Example set operation functions, where the elements of the sets are rows of data:

dt_unique       <- function(x){
    return(unique(x))
}

dt_union        <- function(x,y){
    z_rbind     <- rbind(x,y)
    z_unique    <- dt_unique(z_rbind)
    return(z_unique)
}

dt_intersect    <- function(x,y){
    zx          <- dt_unique(x)
    zy          <- dt_unique(y)

    z_rbind     <- rbind(zy,zx)
    ixDupe      <- which(duplicated(z_rbind))
    z           <- z_rbind[ixDupe,]
    return(z)
}

dt_setdiff      <- function(x,y){
    zx          <- dt_unique(x)
    zy          <- dt_unique(y)

    z_rbind     <- rbind(zy,zx)
    ixRangeX    <- (nrow(zy) + 1):nrow(z_rbind)
    ixNotDupe   <- which(!duplicated(z_rbind))
    ixDiff      <- intersect(ixNotDupe, ixRangeX)
    diffX       <- z_rbind[ixDiff,]
    return(diffX)
}

Note 1: One intended use for these helper functions is to find rows where key values in x are not among the key values in y. This way, I can find where NAs may appear when calculating x[y] or y[x]. Although this usage allows for setting of keys for the z_rbind object, I'd prefer not to constrain myself to just this use case.

Note 2: For related posts, here is a post on running unique on data frames, with excellent results for running it with the updated data.table package. And this is an earlier post on running unique on data tables.

1

There are 1 answers

3
Matt Dowle On BEST ANSWER

duplicated.data.table needs the same fix unique.data.table got [EDIT: Now done in v1.7.2]. Please raise another bug report: bug.report(package="data.table"). For the benefit of others watching, you're already using v1.6.7 from R-Forge, not 1.6.6 on CRAN.

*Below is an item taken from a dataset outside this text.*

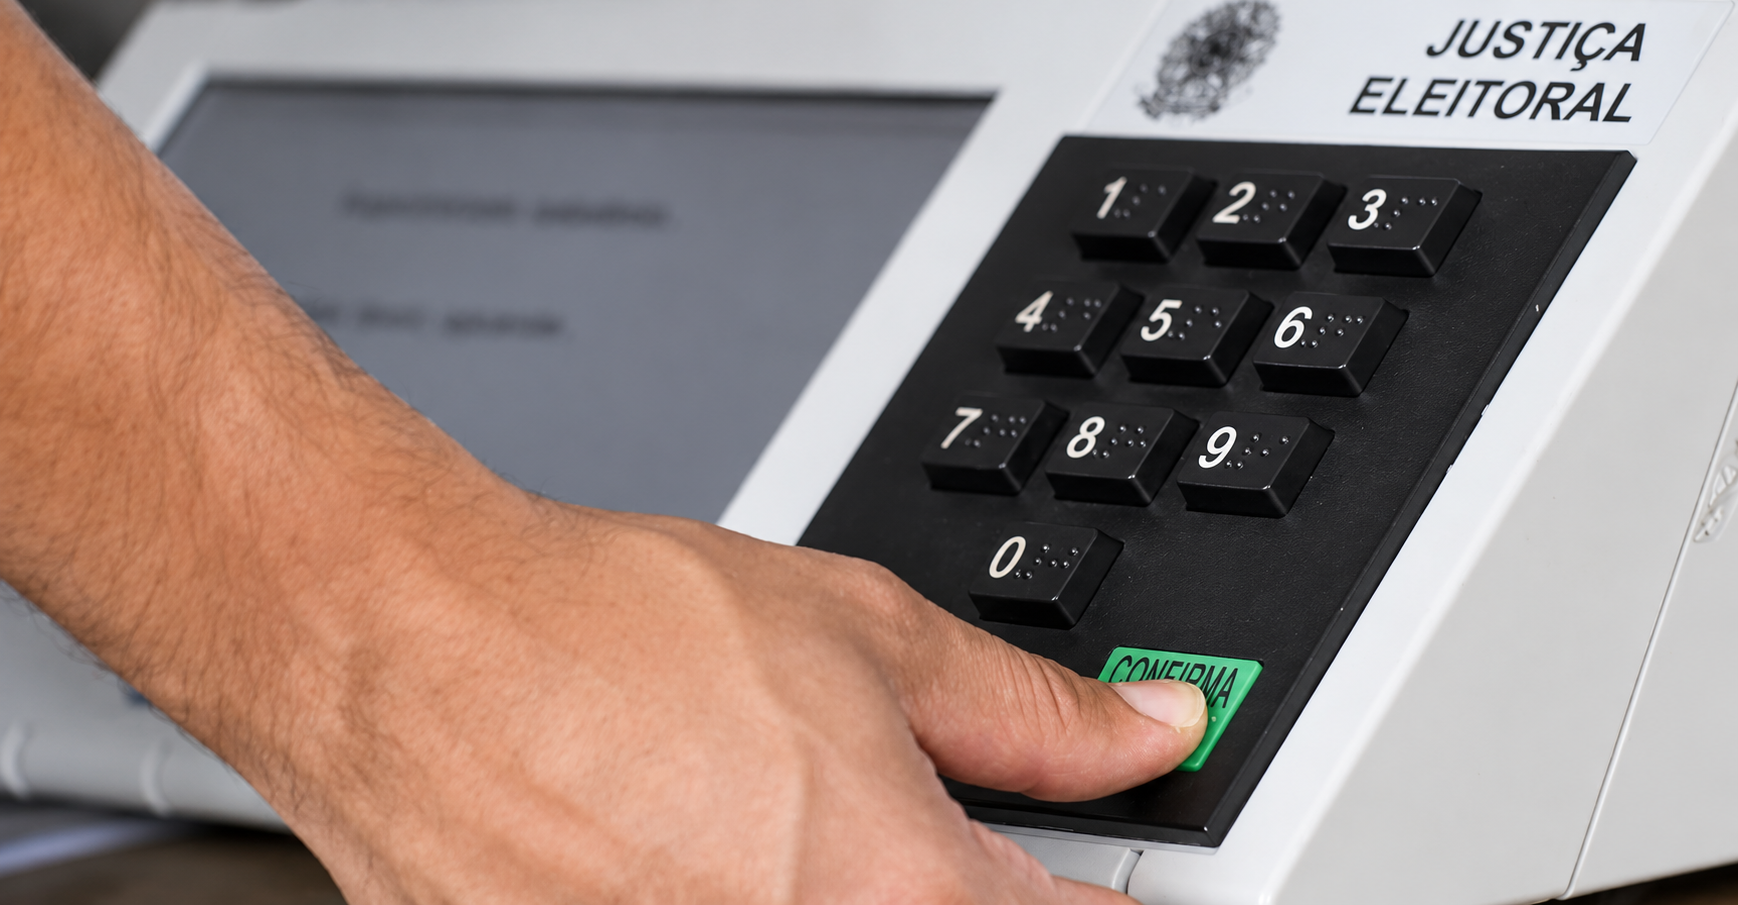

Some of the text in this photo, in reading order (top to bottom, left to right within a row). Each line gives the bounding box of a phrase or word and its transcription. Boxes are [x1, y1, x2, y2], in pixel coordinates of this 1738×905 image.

But, on Note 1, there's a 'not join' idiom :

x[-x[y,which=TRUE]]

See also FR#1384 (New 'not' and 'whichna' arguments?) to make that easier for users, and that links to the keys that don't match thread which goes into more detail.


Update. Now in v1.8.3, not-join has been implemented.

DT[-DT["a",which=TRUE,nomatch=0],...]   # old idiom
DT[!"a",...]                            # same result, now preferred.